Robbie Ray is already shaping up to be one of 2017’s most contentious starting pitchers headed into draft day. (This isn’t even my first time writing about him in the last half-year.) His 28-percent strikeout rate (K%) and 3.45 xFIP scream of an elite starter, but his 4.90 ERA and 1.47 WHIP, sustained during more than 170 innings pitched, seem to say otherwise.
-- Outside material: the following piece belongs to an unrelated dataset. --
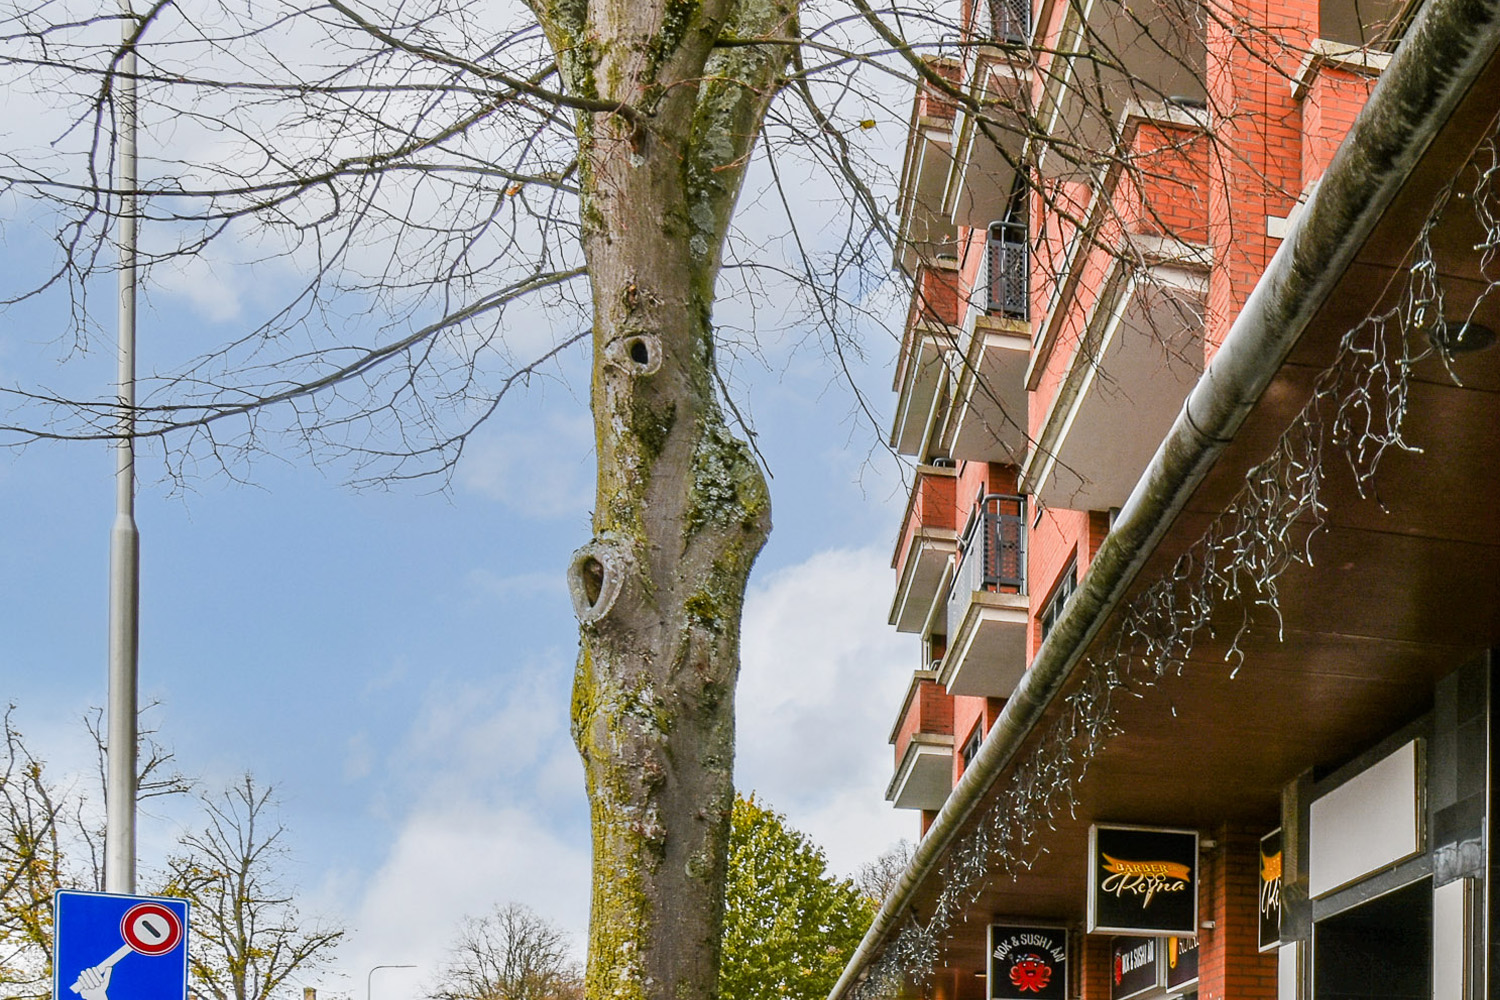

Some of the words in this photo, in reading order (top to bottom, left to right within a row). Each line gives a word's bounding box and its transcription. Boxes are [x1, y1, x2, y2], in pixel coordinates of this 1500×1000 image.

[1115, 862, 1169, 875] BARBER
[993, 939, 1012, 960] WOK
[1020, 933, 1053, 950] SUSHI
Analysts and laymen who have expressed optimism about Ray have done so in regard to his alleged hittability. That 1.47 WHIP didn’t come from nowhere: his .352 batting average on balls in play (BABIP) got him there. You’ll hear a variety of arguments: he struggles on his third time through the zone; he lacks a quality third, or maybe even second, pitch; and so on. I’m not here to argue the validity of those sentiments.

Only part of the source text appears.